Stored data entries
----

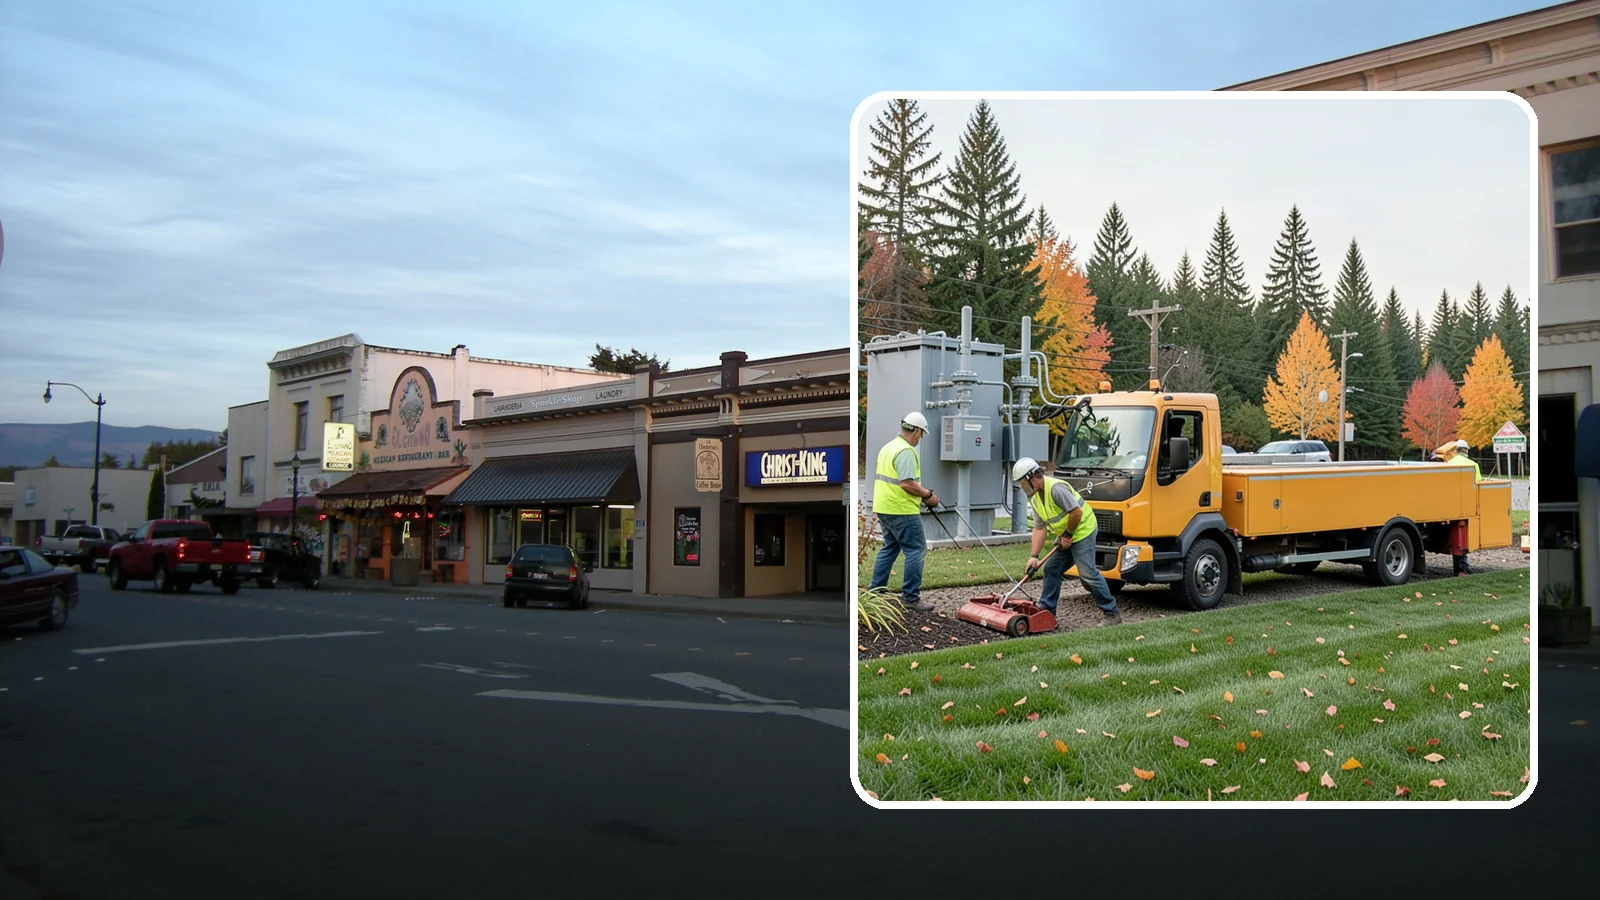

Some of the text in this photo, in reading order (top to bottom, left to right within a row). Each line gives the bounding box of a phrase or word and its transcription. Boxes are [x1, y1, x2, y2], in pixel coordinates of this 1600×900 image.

[595, 388, 624, 400] LAUNDRY
[493, 402, 522, 412] LAVANDERIA
[531, 394, 583, 409] Sparkle Shop
[374, 450, 450, 464] MEXICAN RESTAURANT BAR
[761, 450, 827, 478] CHRIST KING
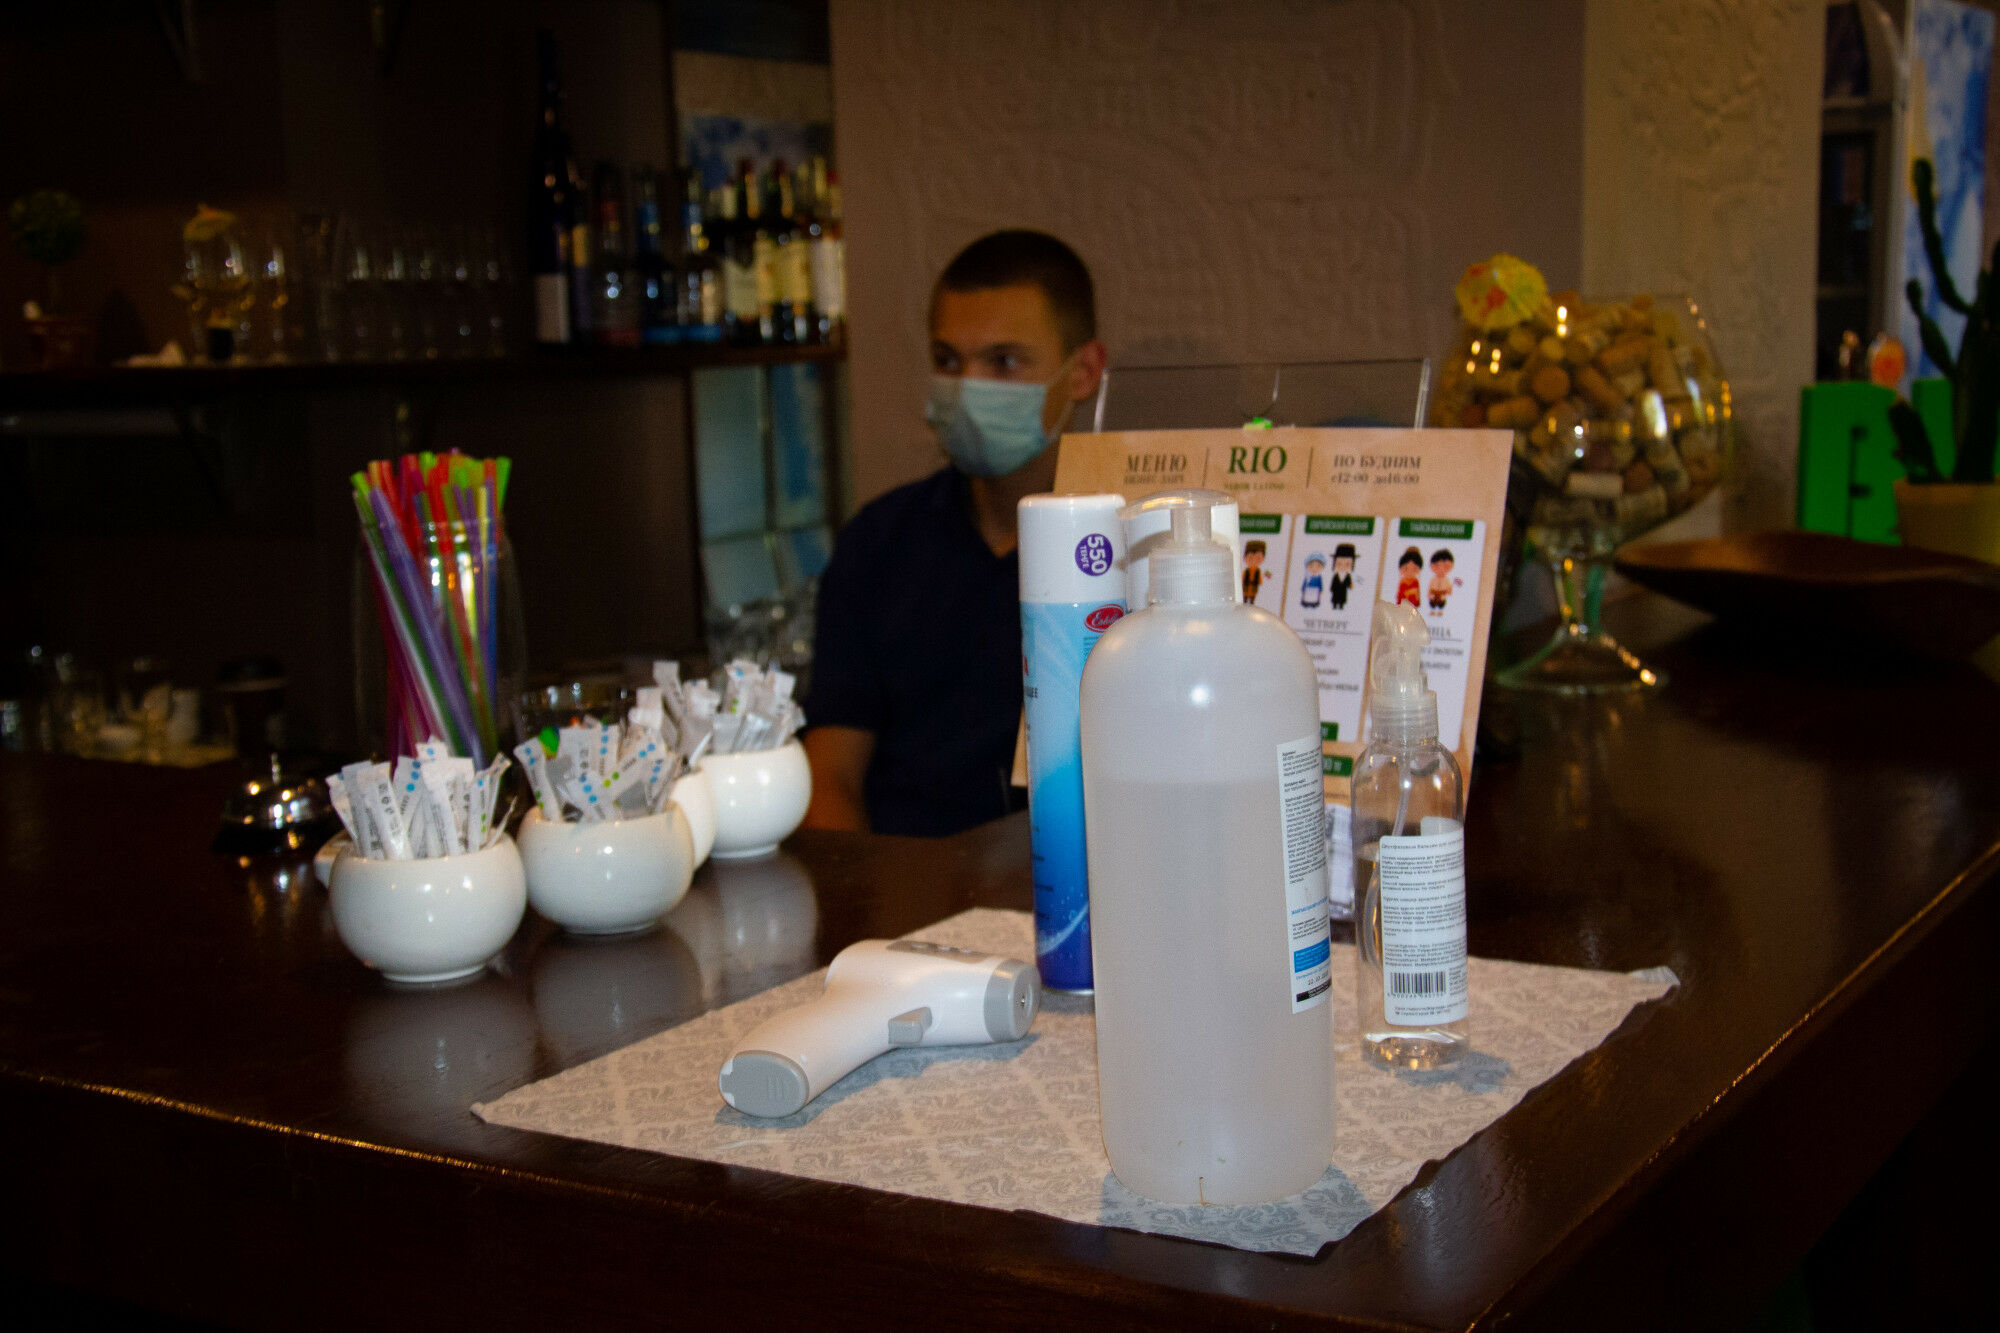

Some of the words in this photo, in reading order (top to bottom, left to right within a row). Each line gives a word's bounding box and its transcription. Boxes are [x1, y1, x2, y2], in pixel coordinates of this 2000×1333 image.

----

Without copying any picture, repeat all of the entries exactly.

Some of the text in this photo, in reading order (top to bottom, left to right within a row). Each line gives the bounding box of a phrase or word and its transcription. Boxes are [x1, y1, x2, y2], in pixel coordinates of this 1600×900 image.

[595, 388, 624, 400] LAUNDRY
[493, 402, 522, 412] LAVANDERIA
[531, 394, 583, 409] Sparkle Shop
[374, 450, 450, 464] MEXICAN RESTAURANT BAR
[761, 450, 827, 478] CHRIST KING

Some of the words in this photo, in reading order (top to bottom, left to right within a row). Each line gives a word's bounding box and its transcription. Boxes are [x1, y1, x2, y2], in pixel coordinates of this 2000×1333 image.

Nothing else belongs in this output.